Me llamó la atención el libro que la teniente tenía en el salpicadero del coche: Hay algo que no es como me cuentan, de Juan José Millas. Le di la vuelta y leí la contraportada; curioso, El caso Nevenka Fernández contra la realidad, se subtitulaba. No sé qué ocurre, comisario, pero ni siquiera sé qué es eso que llaman realidad. «Nos dividimos entre los que creen que la realidad está terminada y los que creen que se puede cambiar, pero estos últimos no nos hemos puesto de acuerdo en el cómo», me había dicho Zurdo. «La realidad está rara», suscribiría el subcomandante Marcos. Y allí estaba aquel libro que, por lo que veía, hablaba de aquella comarca y de las vicisitudes que tuvo que pasar aquella concejala para enfrentarse a una sociedad que no la creía y denunciar a ese acosador.
—Acaba de salir al mercado. Llévatelo, si quieres.
—No tengo muchas ganas de leer. Lo dejaría a la mitad. ¿Ya lo has leído?
—Sí, se lee bien.
—¿Te gustó?
—Sí, pero me gustaría que lo leyeses tú y me dieras tu opinión.
—De acuerdo, pero no te prometo nada.
Las declaraciones en el cuartel duraron poco. Rosario había despertado a todo el personal de la judicial, que nos tomaba declaraciones sin parar ni un instante. Todo había quedado en manos de la científica. Necesitábamos encontrar alguna huella, ya teníamos el grupo sanguíneo y el ADN del supuesto asesino pero eso no nos llevaba a ninguna parte si no podíamos cotejarlo con algo. Me fijé en la mesa de Rosario: tenía cuatro bolsas de plástico precintadas. En una había introducido un vaso, en otra un lápiz mordido, en la tercera un chicle y la cuarta contenía un cigarro. En todas había colocado una cinta que ponía: «Asesinato - cuadrilla».
—¿Y esas bolsas, Rosario?
—Son de los cuatro que fui a interrogar ayer. En cuanto se descuidaron les cogí estos restos para analizar su ADN y comprobarlo con la muestra que poseemos.
—¡Mierda!
—¿Qué te pasa, Ramalho?
—Que soy un imbécil. Llevo tanto tiempo en Infierno que me he olvidado de mi profesión. No recogí ninguna muestra de los cuatro de ayer. ¡Soy un imbécil!
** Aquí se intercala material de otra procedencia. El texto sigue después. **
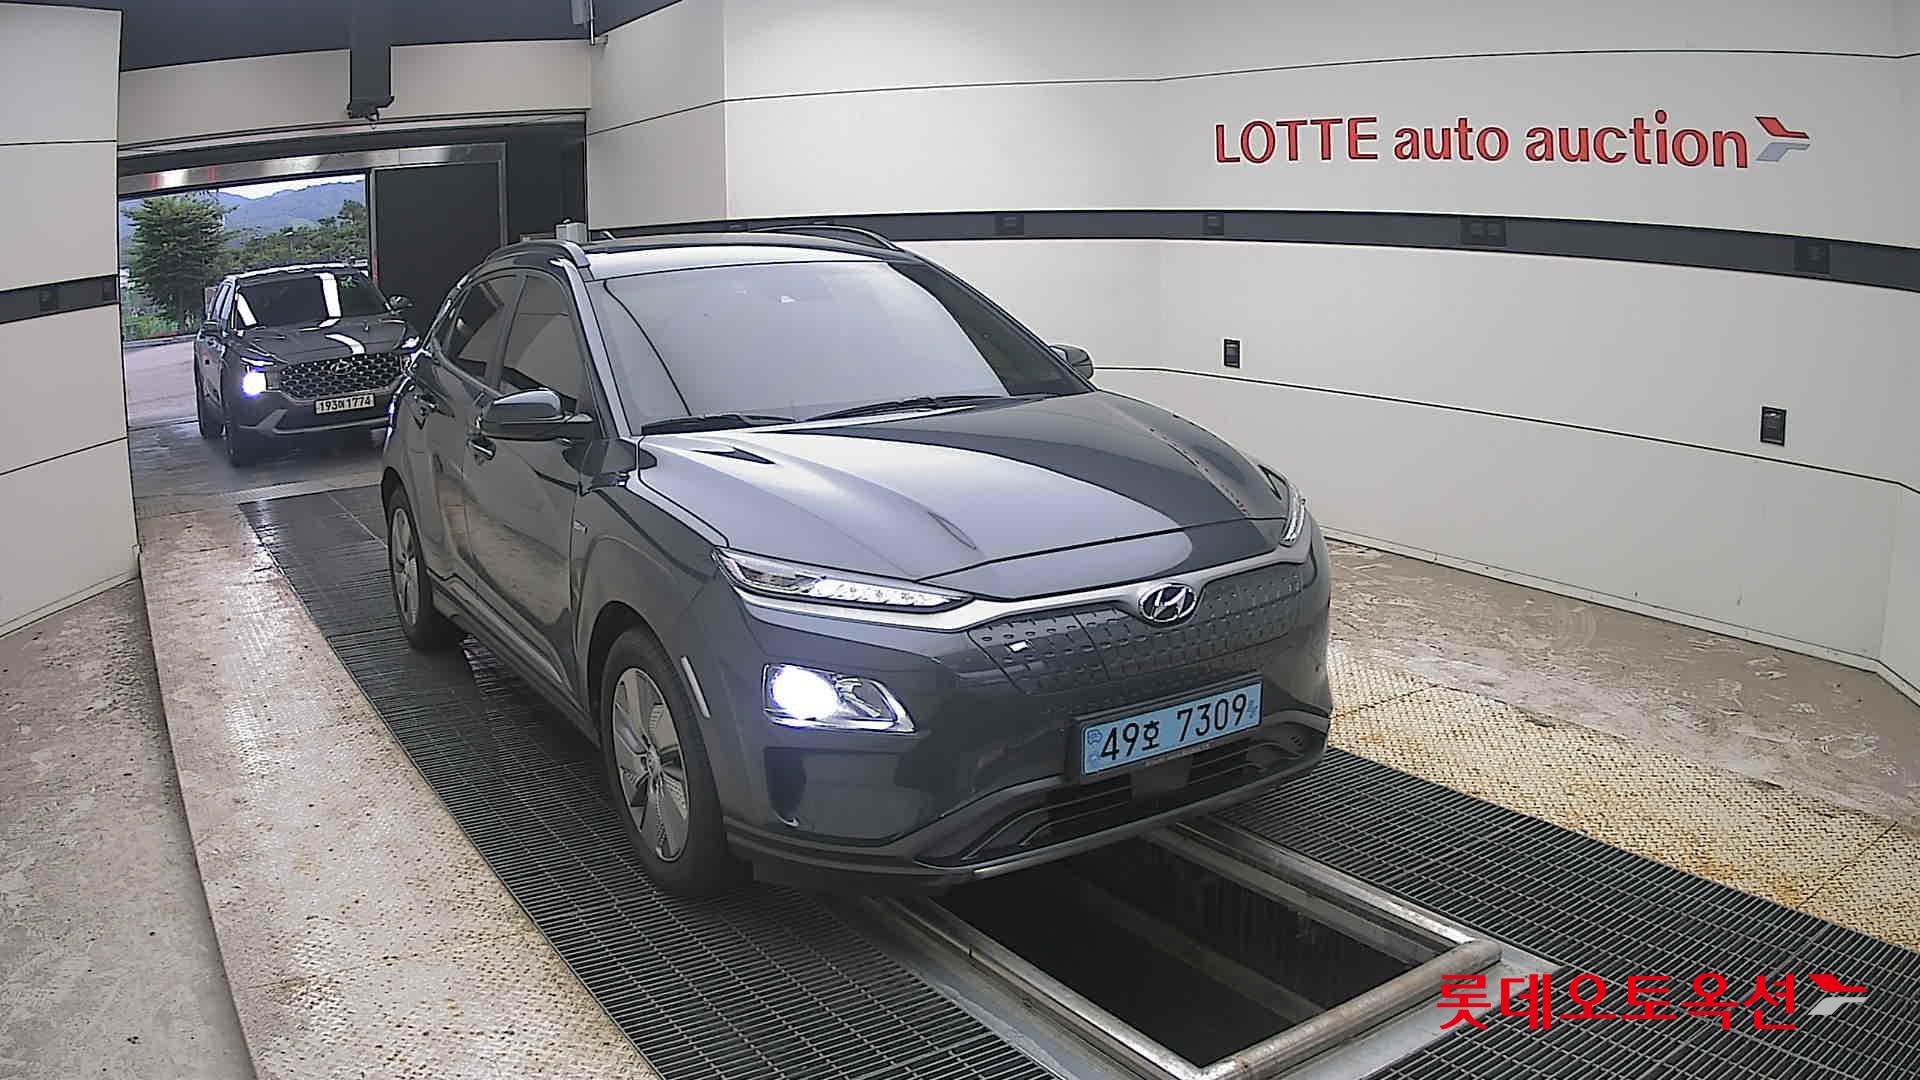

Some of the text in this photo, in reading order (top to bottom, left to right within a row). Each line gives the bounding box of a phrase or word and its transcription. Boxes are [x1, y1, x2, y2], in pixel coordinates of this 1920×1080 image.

[1215, 110, 1748, 168] LOTTE auto auction
[1100, 693, 1248, 761] 49호 7309
—No pasa nada, aún estamos a tiempo.
La dejé allí, y con Zurdo y Eriko me dirigí a la taberna de Pacita. Por el camino me sonó el móvil. Era el teléfono de la comisaría de Vallecas.
—Dígame.
—¿Ramalho? Soy Vélez —Vélez había sido compañero mío en la Academia y coincidimos en la comisaría de Vallecas, la verdad era que congeniábamos muy bien en muchos puntos de la profesión.
—Ah, dime.
—Ramalho, te llamo para informarte de un asunto que no me ha gustado nada.
—Espero que no sean malas noticias, las cosas por aquí están que arden.
—Lo siento. Pero creo que debo contártelo. Es sobre el caso de los niños desaparecidos que tú llevabas, supongo que sabrás que han desaparecido tres más.
—¿Qué pasó?
—¿Te acuerdas de que el caso se lo dieron al inútil de Darío? ¿Y de que antes de que fueras enviado a esa misión enviaste un fax a la Interpol y al FBI sobre Graus?
—Sí, la última vez que pregunté por él me dijeron que no había llegado, y de eso ya hace meses.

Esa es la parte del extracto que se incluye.